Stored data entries
========================================
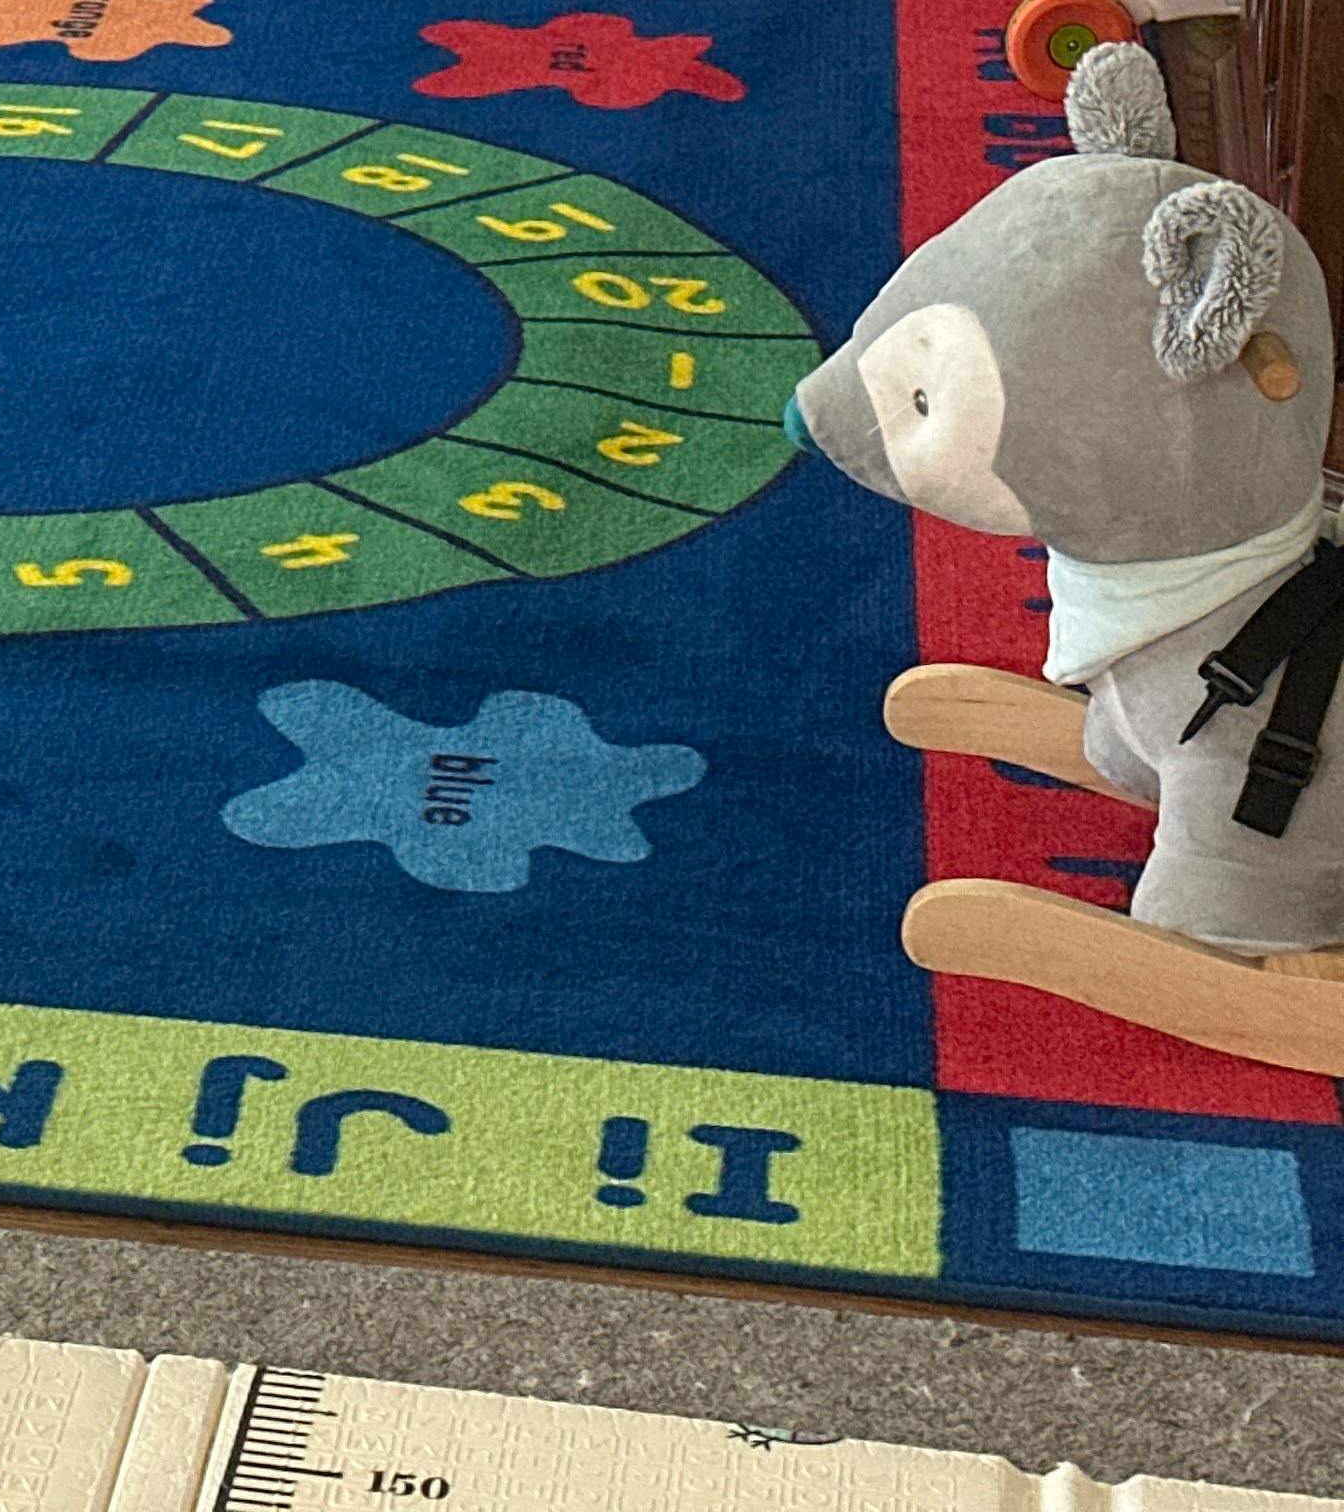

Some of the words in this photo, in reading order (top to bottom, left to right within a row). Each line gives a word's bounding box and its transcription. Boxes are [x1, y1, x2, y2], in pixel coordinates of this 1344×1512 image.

[177, 120, 284, 161] 17
[341, 152, 470, 193] 18
[474, 203, 616, 244] 19
[571, 271, 728, 317] 20
[669, 352, 695, 389] 1
[596, 420, 686, 466] 2
[457, 480, 567, 521] 3
[260, 533, 361, 570] 4
[15, 558, 133, 588] 5
[422, 753, 501, 825] blue
[181, 1055, 452, 1177] Jj
[594, 1115, 803, 1225] Ii
[364, 1468, 450, 1501] 150
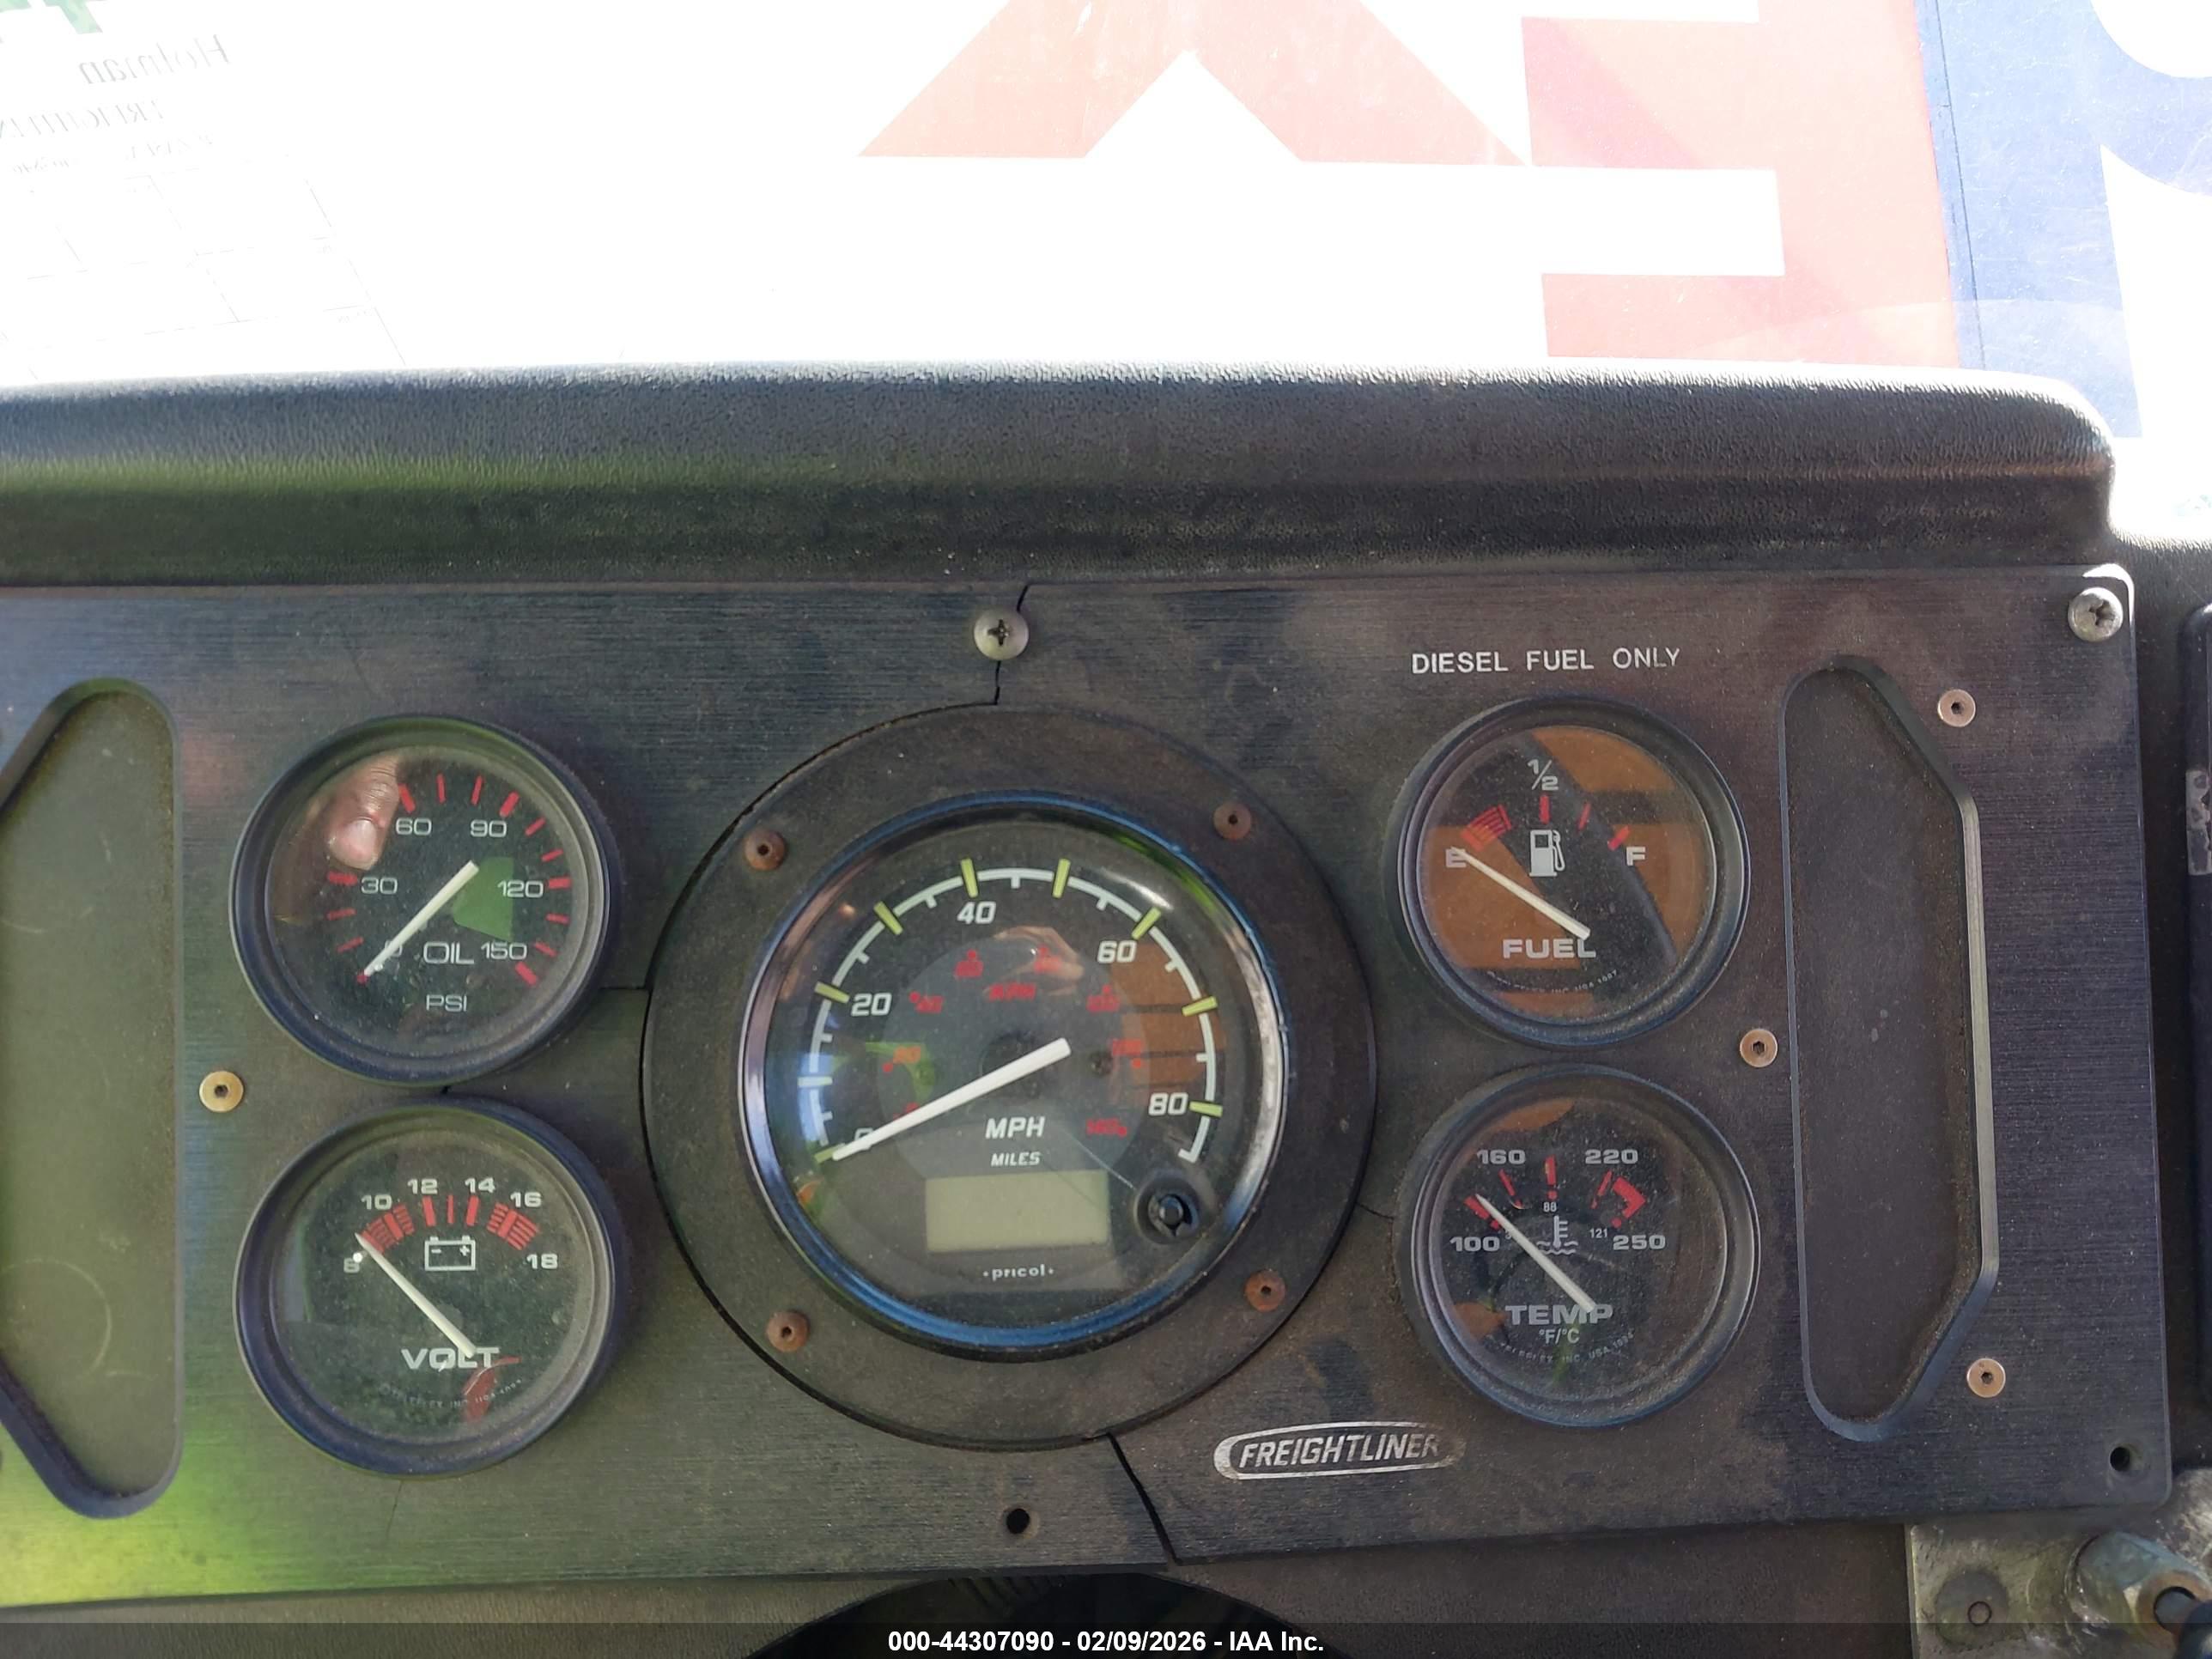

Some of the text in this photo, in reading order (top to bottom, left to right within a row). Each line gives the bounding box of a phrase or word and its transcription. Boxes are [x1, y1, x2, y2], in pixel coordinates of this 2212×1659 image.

[1412, 647, 1680, 674] DIESEL FUEL ONLY
[396, 818, 432, 836] 60
[471, 820, 507, 838] 90
[1445, 848, 1466, 867] E
[1626, 847, 1646, 866] F
[361, 878, 398, 895] 30
[497, 880, 544, 898] 120
[957, 902, 996, 925] 40
[423, 943, 474, 965] OIL
[481, 943, 527, 961] 150
[1097, 940, 1138, 963] 60
[1503, 939, 1596, 959] FUEL
[426, 995, 467, 1012] PSI
[851, 994, 891, 1017] 20
[1148, 1093, 1188, 1116] 80
[985, 1116, 1045, 1139] MPH
[991, 1152, 1041, 1167] MILES
[1477, 1149, 1526, 1164] 160
[1584, 1149, 1638, 1164] 220
[407, 1180, 439, 1194] 12
[465, 1178, 495, 1194] 14
[361, 1194, 392, 1210] 10
[510, 1192, 542, 1207] 16
[1589, 1228, 1608, 1239] 121
[1613, 1235, 1666, 1250] 250
[1449, 1237, 1500, 1252] 100
[526, 1254, 558, 1270] 18
[992, 1264, 1045, 1282] pricol
[1505, 1304, 1613, 1324] TEMP
[401, 1347, 501, 1370] VOLT
[1238, 1433, 1441, 1468] FREIGHTLINER
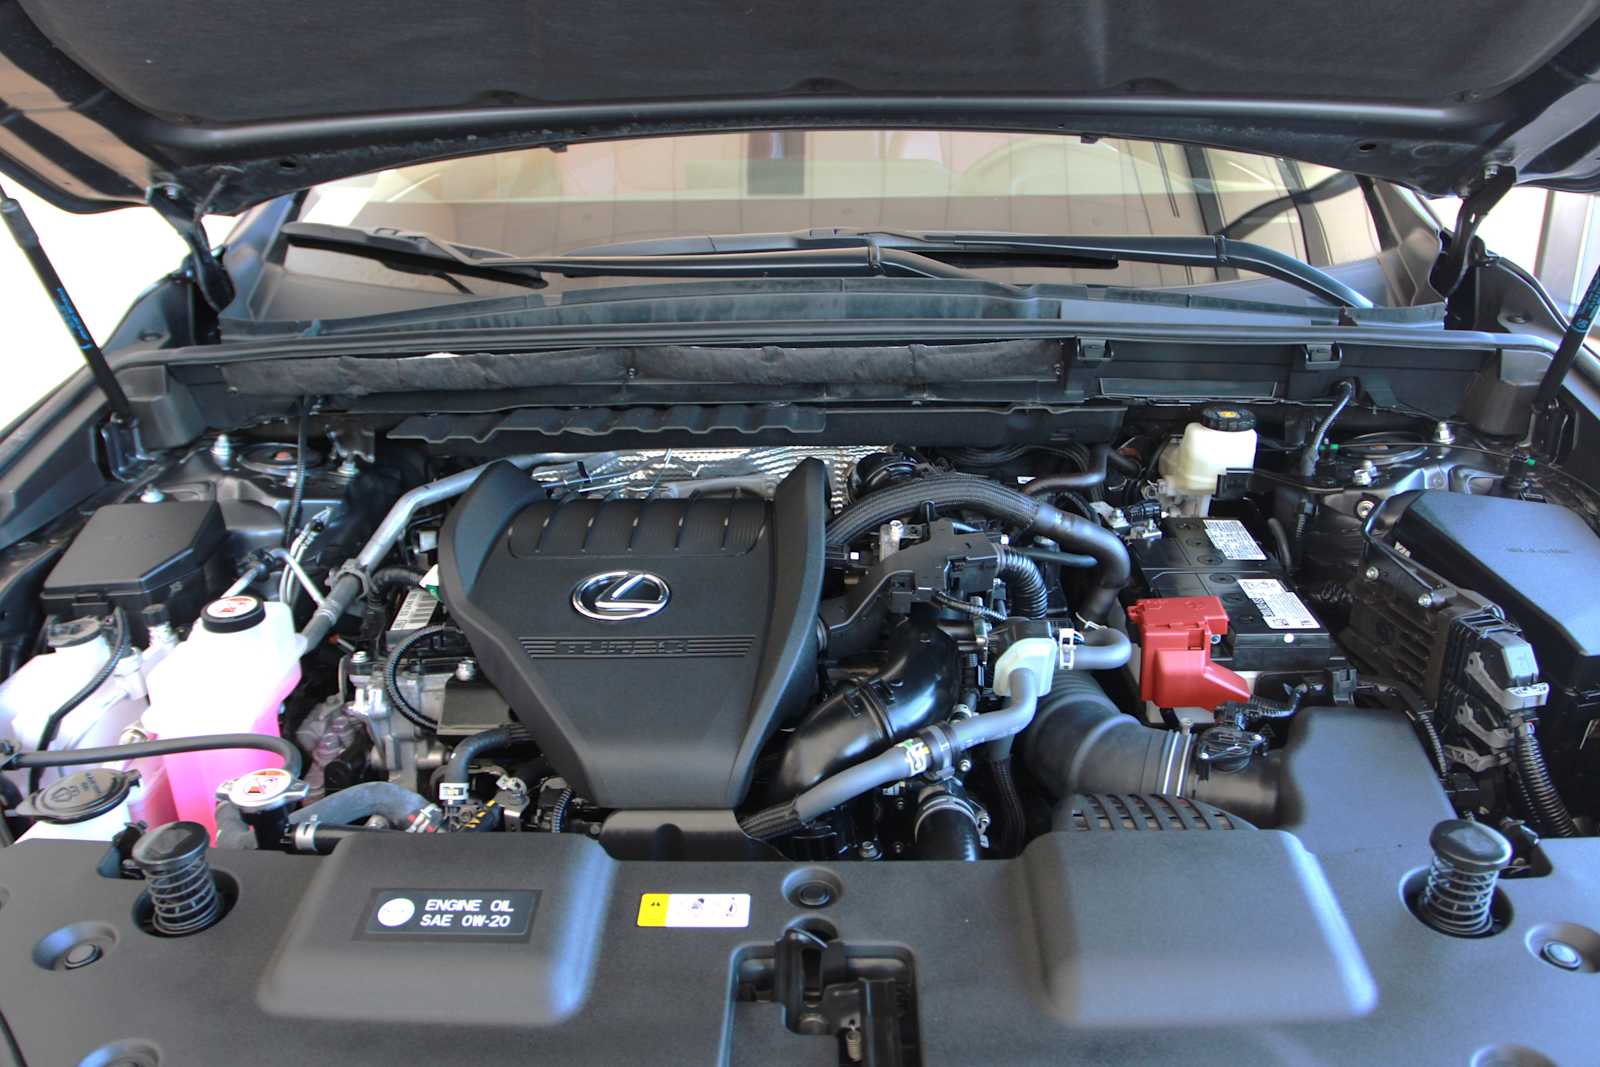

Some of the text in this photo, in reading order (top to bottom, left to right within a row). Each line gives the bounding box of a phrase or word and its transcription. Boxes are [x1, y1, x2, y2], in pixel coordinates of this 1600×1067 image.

[558, 639, 684, 655] TURBO
[424, 899, 515, 912] ENGINE OIL
[420, 914, 511, 928] SAE 0W-20
========================================
* Task requirements *
Pictures don't belong in the copy. Transcribe every record exactly as it appears.

* Answer to the exercise *
Some of the words in this photo, in reading order (top to bottom, left to right within a row). Each line gives a word's bounding box and its transcription. Boxes are [x1, y1, x2, y2], in pixel coordinates of this 1344×1512 image.

[177, 120, 284, 161] 17
[341, 152, 470, 193] 18
[474, 203, 616, 244] 19
[571, 271, 728, 317] 20
[669, 352, 695, 389] 1
[596, 420, 686, 466] 2
[457, 480, 567, 521] 3
[260, 533, 361, 570] 4
[15, 558, 133, 588] 5
[422, 753, 501, 825] blue
[181, 1055, 452, 1177] Jj
[594, 1115, 803, 1225] Ii
[364, 1468, 450, 1501] 150

Some of the text in this photo, in reading order (top to bottom, left to right within a row). Each line gives the bounding box of a phrase or word and its transcription. Boxes are [x1, y1, x2, y2], in pixel coordinates of this 2212×1659 image.

[1412, 647, 1680, 674] DIESEL FUEL ONLY
[396, 818, 432, 836] 60
[471, 820, 507, 838] 90
[1445, 848, 1466, 867] E
[1626, 847, 1646, 866] F
[361, 878, 398, 895] 30
[497, 880, 544, 898] 120
[957, 902, 996, 925] 40
[423, 943, 474, 965] OIL
[481, 943, 527, 961] 150
[1097, 940, 1138, 963] 60
[1503, 939, 1596, 959] FUEL
[426, 995, 467, 1012] PSI
[851, 994, 891, 1017] 20
[1148, 1093, 1188, 1116] 80
[985, 1116, 1045, 1139] MPH
[991, 1152, 1041, 1167] MILES
[1477, 1149, 1526, 1164] 160
[1584, 1149, 1638, 1164] 220
[407, 1180, 439, 1194] 12
[465, 1178, 495, 1194] 14
[361, 1194, 392, 1210] 10
[510, 1192, 542, 1207] 16
[1589, 1228, 1608, 1239] 121
[1613, 1235, 1666, 1250] 250
[1449, 1237, 1500, 1252] 100
[526, 1254, 558, 1270] 18
[992, 1264, 1045, 1282] pricol
[1505, 1304, 1613, 1324] TEMP
[401, 1347, 501, 1370] VOLT
[1238, 1433, 1441, 1468] FREIGHTLINER

Some of the text in this photo, in reading order (top to bottom, left to right within a row). Each line gives the bounding box of a phrase or word and its transcription. Boxes are [x1, y1, x2, y2], in pixel coordinates of this 1600×1067 image.

[558, 639, 684, 655] TURBO
[424, 899, 515, 912] ENGINE OIL
[420, 914, 511, 928] SAE 0W-20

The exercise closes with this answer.